The Logic of Terrorism

"It does not do to rely too much on silent majorities, Evey, for silence is a fragile thing... One loud noise, and it's gone. But the people are so cowed and disorganised. A few might take the opportunity to protest, but it'll just be a voice crying in the wilderness. Noise is relative to the silence preceding it. The more absolute the hush, the more shocking the thunder clap. Our masters have not heard the people's voice for generation's, Evey... ...and it is much, much louder than they care to remember."
--Alan Moore, David Lloyd, V For Vendetta

(Opening in US cinemas March 17th; we'll see how that goes.)


"Relations" with Humans

"Lust is more abstract than logic: it seeks (hope triumphing over experience) for some purely sexual, hence purely imaginary, conjunction of an impossible maleness with an impossible femaleness."
----C. S. Lewis Allegory of Love


Relations with the Divinity

"Aujourd'hui quand on me parle de Lui, je dis avec l'amusement sans regret d'un vieux beau qui rencontre une ancienne belle: 'Il y a cinquante ans, sans ce malentendu, sans cette meprise, sans l'accident qui nous separa, il aurait pu avoir quelque chose entre nous.'"

Sartre, Les Mots
[update: Html error corrected to, ahem, restore what the vieux beau said.]

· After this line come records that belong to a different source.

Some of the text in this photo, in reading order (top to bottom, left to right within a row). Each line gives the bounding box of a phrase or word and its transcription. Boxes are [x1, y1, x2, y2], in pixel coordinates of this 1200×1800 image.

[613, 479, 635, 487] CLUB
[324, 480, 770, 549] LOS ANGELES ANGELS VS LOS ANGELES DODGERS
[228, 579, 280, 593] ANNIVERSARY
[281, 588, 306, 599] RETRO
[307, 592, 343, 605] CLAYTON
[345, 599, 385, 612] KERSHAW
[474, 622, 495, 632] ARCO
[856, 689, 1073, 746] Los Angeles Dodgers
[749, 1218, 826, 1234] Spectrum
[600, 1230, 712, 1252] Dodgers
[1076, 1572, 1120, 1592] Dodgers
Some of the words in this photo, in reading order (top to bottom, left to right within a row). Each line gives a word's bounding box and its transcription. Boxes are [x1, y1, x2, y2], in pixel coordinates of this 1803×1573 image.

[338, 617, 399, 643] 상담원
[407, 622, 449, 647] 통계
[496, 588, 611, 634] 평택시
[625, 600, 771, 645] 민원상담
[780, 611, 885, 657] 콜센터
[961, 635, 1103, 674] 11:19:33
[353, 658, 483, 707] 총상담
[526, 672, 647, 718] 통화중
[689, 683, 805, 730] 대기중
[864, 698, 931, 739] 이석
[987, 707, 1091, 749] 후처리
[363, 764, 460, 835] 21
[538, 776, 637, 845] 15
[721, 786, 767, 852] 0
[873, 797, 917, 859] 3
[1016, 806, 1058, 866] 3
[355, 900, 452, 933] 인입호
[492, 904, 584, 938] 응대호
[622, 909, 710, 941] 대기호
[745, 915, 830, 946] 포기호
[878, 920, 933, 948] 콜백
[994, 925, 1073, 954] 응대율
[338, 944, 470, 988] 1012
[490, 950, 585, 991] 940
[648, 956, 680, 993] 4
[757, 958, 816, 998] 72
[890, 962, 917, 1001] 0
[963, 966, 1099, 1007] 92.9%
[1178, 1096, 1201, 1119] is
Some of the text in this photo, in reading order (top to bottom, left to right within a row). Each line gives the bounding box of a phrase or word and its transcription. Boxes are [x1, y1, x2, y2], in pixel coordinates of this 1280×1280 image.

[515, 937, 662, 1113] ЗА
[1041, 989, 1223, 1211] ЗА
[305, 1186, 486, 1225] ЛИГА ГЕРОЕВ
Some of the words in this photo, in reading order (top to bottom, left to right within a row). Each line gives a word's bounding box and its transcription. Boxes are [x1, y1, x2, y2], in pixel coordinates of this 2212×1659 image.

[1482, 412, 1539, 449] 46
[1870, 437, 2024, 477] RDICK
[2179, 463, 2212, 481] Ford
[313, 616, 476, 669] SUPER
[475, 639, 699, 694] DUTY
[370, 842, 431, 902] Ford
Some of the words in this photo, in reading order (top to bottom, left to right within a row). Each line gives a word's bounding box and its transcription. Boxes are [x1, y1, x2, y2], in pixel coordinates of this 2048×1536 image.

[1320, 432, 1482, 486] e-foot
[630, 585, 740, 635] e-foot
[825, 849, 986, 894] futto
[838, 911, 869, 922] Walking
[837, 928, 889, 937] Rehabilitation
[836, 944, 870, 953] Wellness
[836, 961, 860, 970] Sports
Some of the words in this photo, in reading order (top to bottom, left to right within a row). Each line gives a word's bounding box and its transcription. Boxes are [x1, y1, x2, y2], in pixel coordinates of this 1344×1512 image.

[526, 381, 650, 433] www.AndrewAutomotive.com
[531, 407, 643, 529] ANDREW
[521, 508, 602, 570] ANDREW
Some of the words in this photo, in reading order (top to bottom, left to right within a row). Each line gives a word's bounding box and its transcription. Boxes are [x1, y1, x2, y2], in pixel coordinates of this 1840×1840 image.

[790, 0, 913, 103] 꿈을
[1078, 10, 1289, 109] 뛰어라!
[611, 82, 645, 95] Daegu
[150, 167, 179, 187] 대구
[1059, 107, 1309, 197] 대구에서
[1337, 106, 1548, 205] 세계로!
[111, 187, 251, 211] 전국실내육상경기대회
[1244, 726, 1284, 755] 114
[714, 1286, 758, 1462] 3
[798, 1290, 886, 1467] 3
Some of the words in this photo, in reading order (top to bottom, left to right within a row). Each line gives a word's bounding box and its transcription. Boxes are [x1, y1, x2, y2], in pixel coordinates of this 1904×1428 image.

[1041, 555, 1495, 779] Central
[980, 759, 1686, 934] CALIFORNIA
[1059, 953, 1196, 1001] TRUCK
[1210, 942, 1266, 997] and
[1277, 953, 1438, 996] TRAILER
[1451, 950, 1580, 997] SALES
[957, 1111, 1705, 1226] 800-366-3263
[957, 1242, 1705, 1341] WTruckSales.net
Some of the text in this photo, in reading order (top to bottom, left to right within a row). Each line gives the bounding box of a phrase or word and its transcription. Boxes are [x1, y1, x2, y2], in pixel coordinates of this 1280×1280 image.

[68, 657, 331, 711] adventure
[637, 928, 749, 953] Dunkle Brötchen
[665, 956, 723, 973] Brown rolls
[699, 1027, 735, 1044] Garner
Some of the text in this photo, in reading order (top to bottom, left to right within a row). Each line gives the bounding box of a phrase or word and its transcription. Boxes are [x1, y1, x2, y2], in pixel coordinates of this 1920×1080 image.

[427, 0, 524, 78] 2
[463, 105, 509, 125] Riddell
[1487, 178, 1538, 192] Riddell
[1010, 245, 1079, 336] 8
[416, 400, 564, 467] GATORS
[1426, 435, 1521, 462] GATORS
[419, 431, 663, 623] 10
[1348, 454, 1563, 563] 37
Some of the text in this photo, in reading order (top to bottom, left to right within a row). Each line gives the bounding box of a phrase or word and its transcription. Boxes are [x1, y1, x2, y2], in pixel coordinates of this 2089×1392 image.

(Clumsy translation across the fold.)

"When someone speaks of Him today, I say with the bemusement of an old lover who crosses an old love: 'Fifty years ago, had it not been for that misunderstanding, that disagreement, that incident that separated us, there could have been something between us."


Monday, January 23, 2006

Menu: Easy Rich Food For When You're Really Hungry

Creamed Sauteed Mushrooms, Shell Steak, and Salad.

1. Marinating the steak.
--A simple marinade is worchester sauce and chopped garlic. Or you could go with a bit of red wine, onion, and garlic. Don't forget a bit of olive oil, a fair amount of freshly ground black pepper, and not an insubstantial amount of salt.

2. Set oven to broil.

3. Preparing the Mushrooms. (if you can afford cremini or shitaki, these are excellent. You want at least a half-pound of mushrooms for two people, I find, but then I love mushrooms.)
---a. wash and scrub them
---b. cut them into chunky matchsticks. (I usually lop off the bottom third of most shrooms.)

1. Cooking the Mushrooms.
---a. heat olive oil in skillet (Medium-low heat)
---b. crush two cloves garlic into skillet
---c. add 1 teaspoon cumin (turn heat up to medium)
---d. add mushrooms
---e. add two tablespoons fines herbes
---f. stir for ten minutes, then turn heat down to medium low, and cover.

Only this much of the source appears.